Pedro Arturo Aguirre
La semana pasada la Unión Europea acordó sancionar al gobierno dictatorial de Alexandr Lukashenko por obligar el aterrizaje de un vuelo en tránsito por el espacio aéreo bielorruso y poder arrestar a un periodista disidente. Estas sanciones son parte de un nuevo mecanismo adoptado por la UE en diciembre del año pasado para castigar actos como el genocidio, torturas, ejecuciones extrajudiciales o abusos contra el derecho a la libre asociación. Se procura penar no tanto a un país, sino a “personas o entidades específicas responsables de violaciones o abusos graves contra los derechos humanos”, esto para evitar perjuicios a la población en general. Rusia y China habían sido las primeras destinatarias de este nuevo régimen de sanciones, la primera en respuesta a la encarcelación del opositor ruso Alexéi Navalni y la segunda como reacción a persecución a la minoría musulmana uigur por parte del gobierno. Meses más adelante, la UE aprobó medidas punitivas contra once personas y cuatro entidades de Birmania, Corea del Norte, Libia, Eritrea y Sudán del Sur.
Las sanciones prohíben a las personas y las compañías afectadas entrar en territorio comunitario y suponen la suspensión de todos sus bienes y activos existentes en la Unión Europea. Sin embargo, han sido muy poco efectivas, sobre todo cuando se trata de “castigar” a potencias económicas y militares. Europa depende del petróleo ruso y constantemente trata de hacer negocios con China. Hasta la fecha Navalni sigue encarcelado, la situación de los uigures en China no cambia y para Lukashenko el beneficio de secuestrar a un adversario supera -por mucho- el costo de recibir sanciones europeas. De hecho, Lukashenko intensificó su represión contra los disidentes y los medios de comunicación luego de ser objeto de medidas coercitivas impuestas tras el fraude electoral perpetrado por este dictadorzuelo el año pasado. Asimismo, las medidas aplicadas contra entidades y personas rusas y chinas han llevado a Pekín y Moscú a reaccionar con sanciones similares contra entidades europeas.
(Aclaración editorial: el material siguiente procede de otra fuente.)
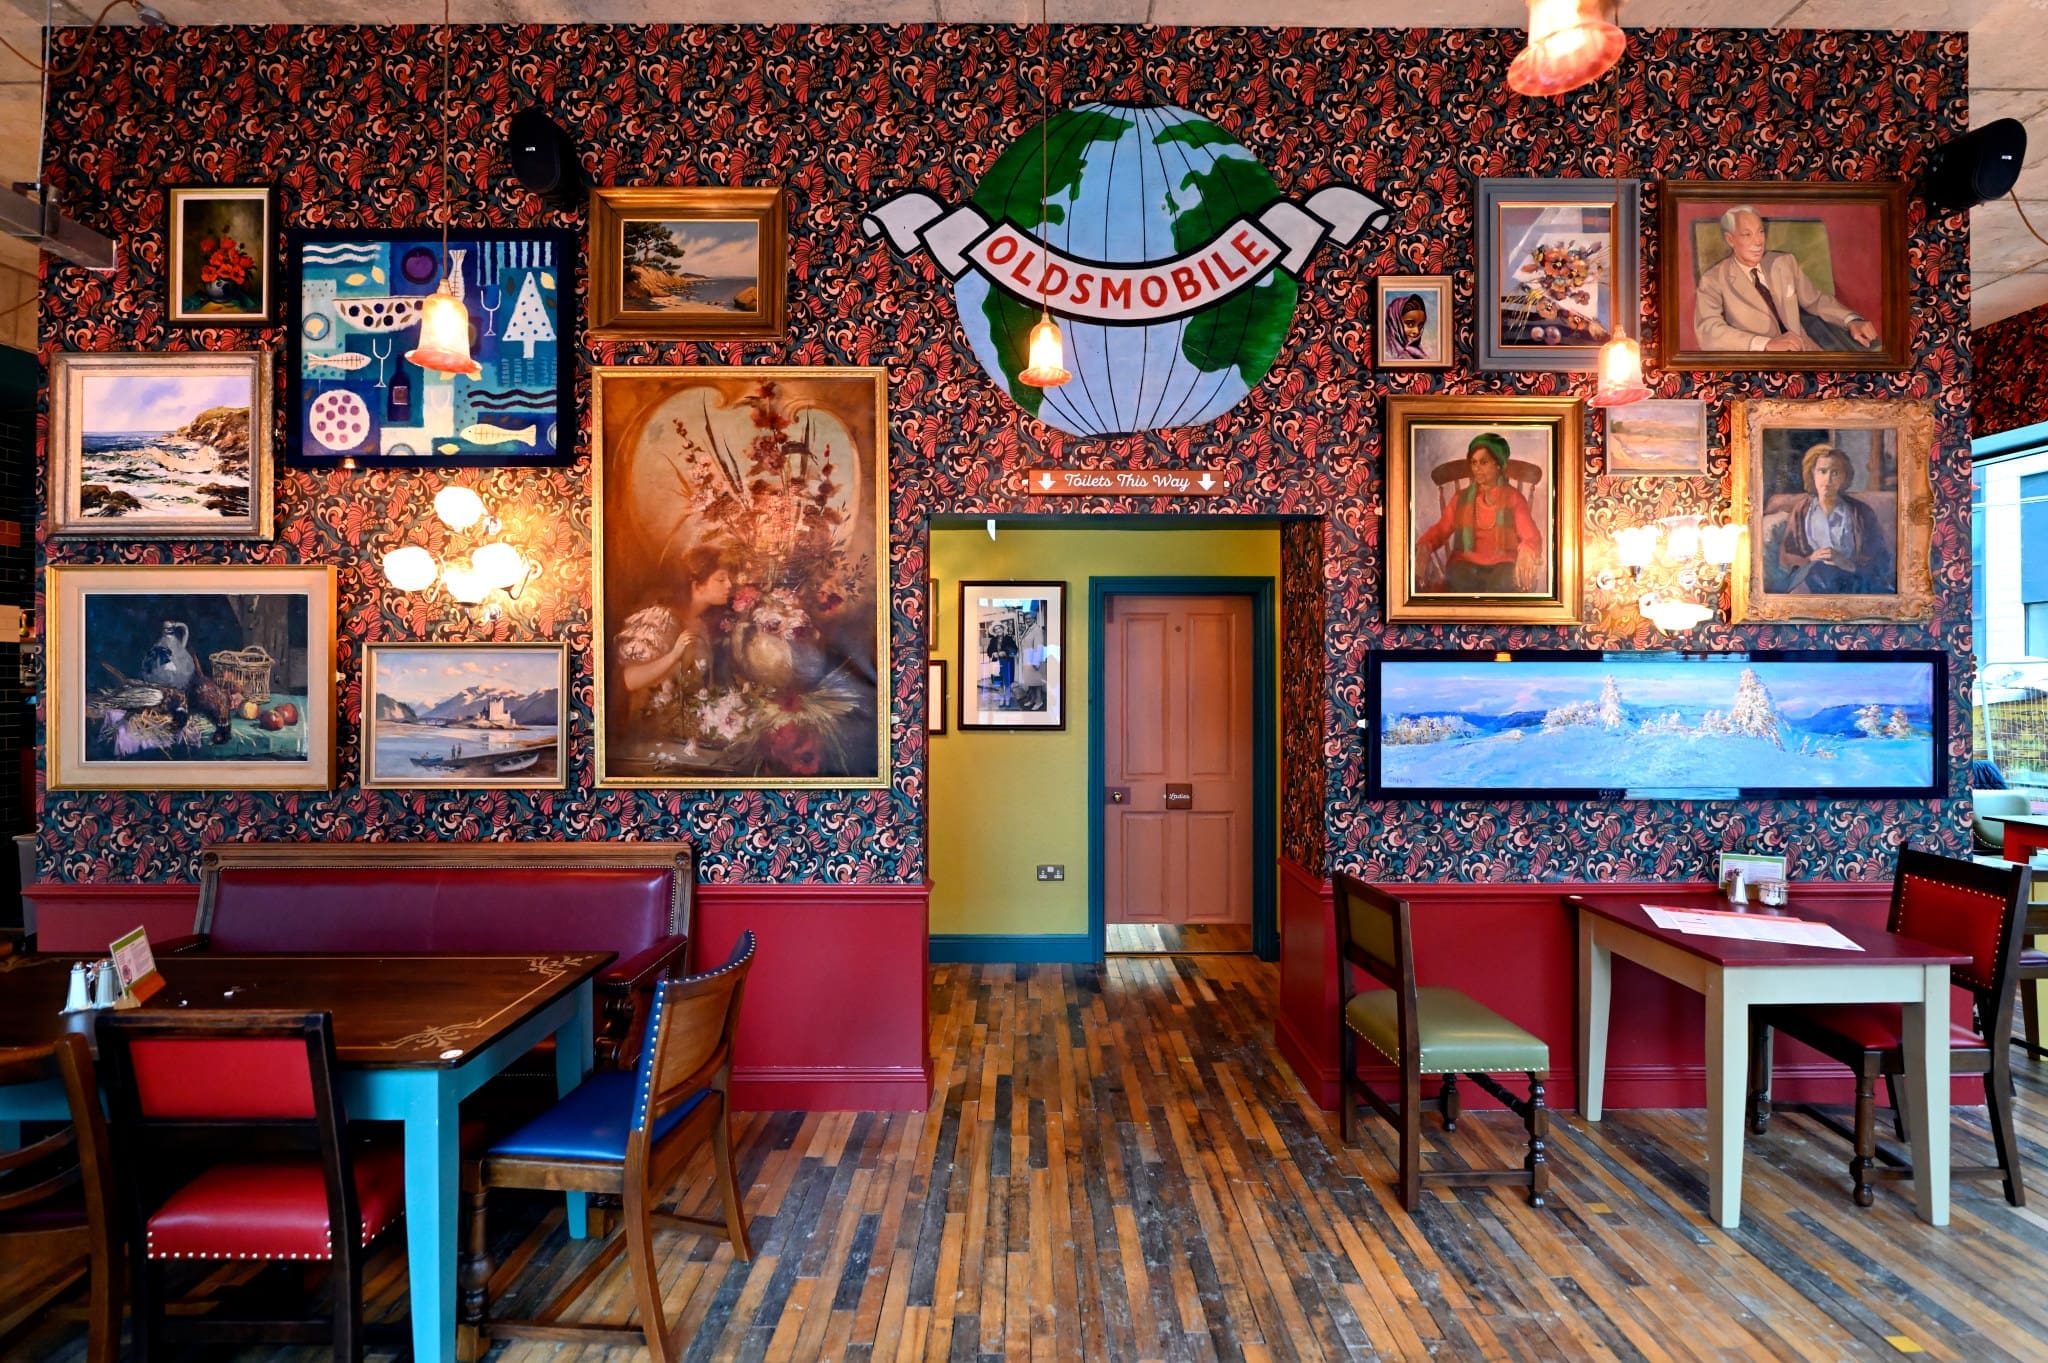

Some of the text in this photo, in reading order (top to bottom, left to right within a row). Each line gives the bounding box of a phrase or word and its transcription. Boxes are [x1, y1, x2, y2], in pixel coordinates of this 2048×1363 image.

Pero pese a su ineficacia y, quizá, “ingenuidad”, el régimen de sanciones le otorga a la Unión Europea la ilusión de tener una voz propia en el escenario internacional, y si bien es cierta su ineficacia para detener violaciones en naciones dictatoriales al menos refuerza el imagen de una Europa indignada frente a la erosión de los derechos humanos en el mundo. Aunque parezca ser solo un “desahogo”, la UE debe hacer algo porque no puede permitirse el costo de la inacción. No tomar ninguna medida, limitarse a no decir nada evidenciaría a una Europa no comprometida con el Estado de derecho y la democracia e impotente a la hora de proteger a sus propios ciudadanos de actos descarados de terror y represión perpetrados por Estados autoritarios.